In terms of the complaints that Kingsgate now make about the present condition of the right of way, the pleaded case was that the right of way had been substantially reduced, rendering it unsuitable for the use for which the Claimant believes it was intended. The particulars of this allegation were that the Defendants had done the following:

(i)

Operated and continue to operate electric gates between the main road and the right of way that are too narrow, and do not comply with and encroach upon the right of way.

This is Gate no. 1 and the allegation made was that the gate was narrower than the right of way. This complaint was repeated in the Claimant’s particulars of nuisance. The complaint was not that the presence of a gate itself interfered with the use of the right of way.

(ii)

Reduced the right of way where it makes an approximate 90 degree turn before proceeding in a South Easterly direction.

This appears to relate to Bend B.

(iii)

Reduced the width of the right of way where it proceeds in a South Easterly direction.

This appears to relate to the width of the track to the south of Ferndown. In its particulars of nuisance, the Claimant said that the Defendants had caused or permitted or continued to narrow the right of way by extending their garden into the right of way (or part of the right of way) and/or allowed that extension to continue to interfere with the right of way. The complaint therefore clearly relates to the northern side of the track adjacent to the garden and not the southern side where there is fencing.

(iv)

Positioned a gate at the entrance to the Claimant’s land that restricts certain vehicular access to the Farm.

This is Gate no. 3.

54.

In addition, in its particulars of nuisance, the Claimant alleged that the Defendants had attempted to deny access to third parties delivering services to the Claimant’s land including verbally challenging a delivery driver delivering fuel required to operate machinery on its land in the week ending 17 April 2016 (which was 3 days before the claim was issued on 20 April 2016).

The evidence

55.

In support of these allegations, the Claimant adduced the evidence of Messrs Katz and Dilloway which I have referred to above. Oral evidence was given by Mr Peter Meadows and Mr Clayton Vermaak and written statements were adduced under Civil Evidence Act Notices from Vaughan Davies and Daniel Keneally. The Defendants’ evidence was given by Mrs Jordan.

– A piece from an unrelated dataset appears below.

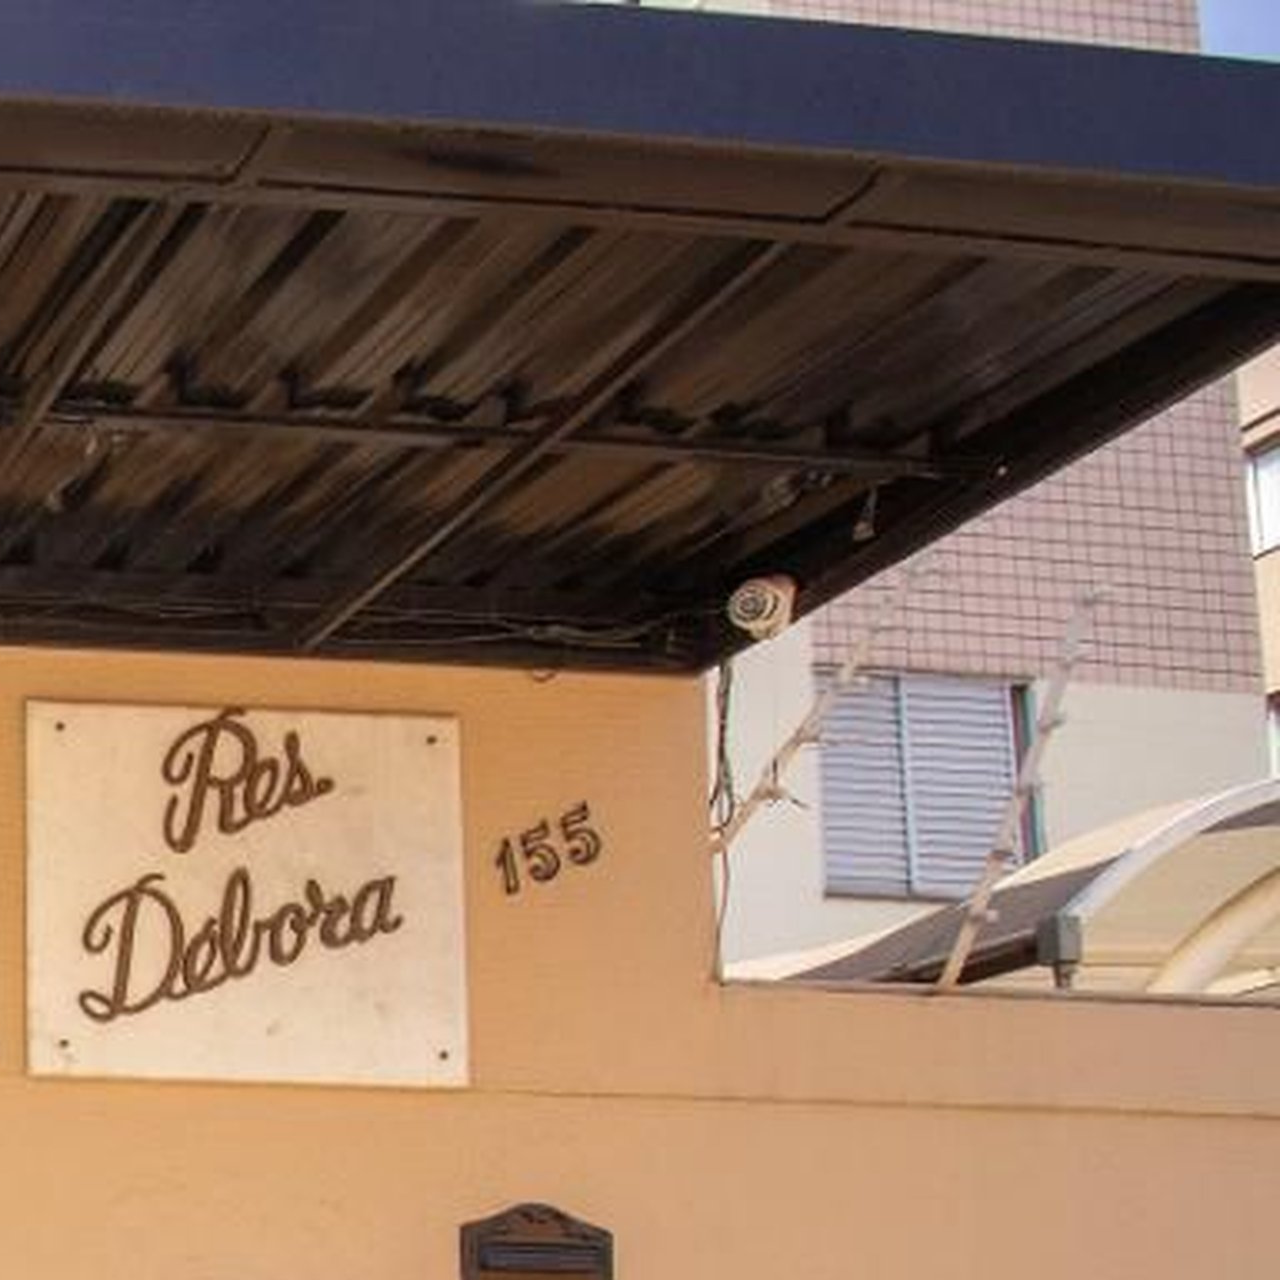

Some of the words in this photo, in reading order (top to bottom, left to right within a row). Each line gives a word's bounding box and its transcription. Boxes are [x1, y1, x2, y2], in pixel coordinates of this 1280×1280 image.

[161, 707, 334, 854] Res.
[494, 800, 604, 896] 155
[78, 866, 402, 1023] Debora

Conclusions on the evidence

56.

I take first the evidence as to each of the pleaded allegations.

Gate no. 1

57.

It is accepted that this gate does narrow the original right of way to 4.5m. However, the Defendants argue that the narrowest point on the right of way as shown shaded blue on Rev C is between Bends B and C and is 2.67m. It is this dimension, and the bends, that determine the size of vehicle that could use the right of way. Any vehicle that could pass through the narrowest point on the right of way could necessarily pass through Gate no. 1.

58.

That seems to me to be clearly right. The width of Gate no. 1, whilst it reduces the width of the right of way at one point, does not cause any substantial interference with the use of the right of way.

Bend B

59.

There was a body of evidence at trial from both sides of difficulties encountered by large vehicles in using the track.

60.

Mrs Jordan gave evidence in her witness statement about two fuel deliveries. One was on 5 April 2016 when she accepted that an 8m long tanker could not negotiate Bend B. On 13 April 2016, a fuel lorry parked by the wooden gate and filled up the oil tank on Kingsgate’s land over the wooden gate. This latter occasion would appear to be the incident alleged in the Particulars of Claim as particulars of nuisance in terms that the Defendants attempted to deny access to third parties delivering services to the Claimant’s land. It does not amount to evidence of anything of the sort. On the contrary, the Jordans’ son reported to them that it was the driver who was abusive to him when he told the driver that he could not park there.

61.

Mrs Jordan also recorded that on 12 April 2016, a delivery of wood was made by the wood being lifted over the hedge with no attempt to use the right of way to reach Kingsgate Farm.

62.

Earlier, on 21 March 2016, a low loader with a digger/ earth mover, dumper truck and oil tanker had arrived. All these items, but not the low loader, were either driven or taken along the right of way. On a subsequent occasion on 14 April 2016, a 7 axle low loader was unable to get down the right of way but the items on it were driven or transported along the track.

63.

Mr Vermaak’s evidence was that he and his father were carrying out a fencing job at Kingsgate Farm in May 2016. During this time, he said there had been a problem with a fuel delivery, a delivery of wood and a low loader collecting machinery. The fuel driver could not get his lorry “along the track”; the wood supplier “could not turn his truck on to the farm on the end gate”; and the low loader “could not get on to the farm”.

64.

It is not at all clear whether Mr Vermaak’s evidence relates to the same occasions that Mrs Jordan recalled, in particular because he said that he was present in May not April. I have confidence in Mrs Jordan’s dates and the accuracy of her recollection because she had kept a diary. She recorded no such incidents in May 2016 and, indeed, on a number of occasions in May, the Jordans again allowed access through the wooden gate. Since June 2016, and after this flurry of activity in April and/or May, she said that there had been very few visits to Kingsgate Farm.

65.

None of this evidence itself established that the width of the right of way had been restricted either at Bend B or further along the track. Only one piece of evidence, namely Mrs Jordan’s evidence about the fuel delivery, expressly related to Bend B. At its highest the evidence showed that on a number of occasions very large vehicles could not negotiate possibly Bend B or the track. The evidence did not demonstrate that the right of way at Bend B had been reduced or that vehicles that could have been expected to pass to the poultry farm in 1960 could no longer do so (from which it might have been inferred that the right of way had been restricted).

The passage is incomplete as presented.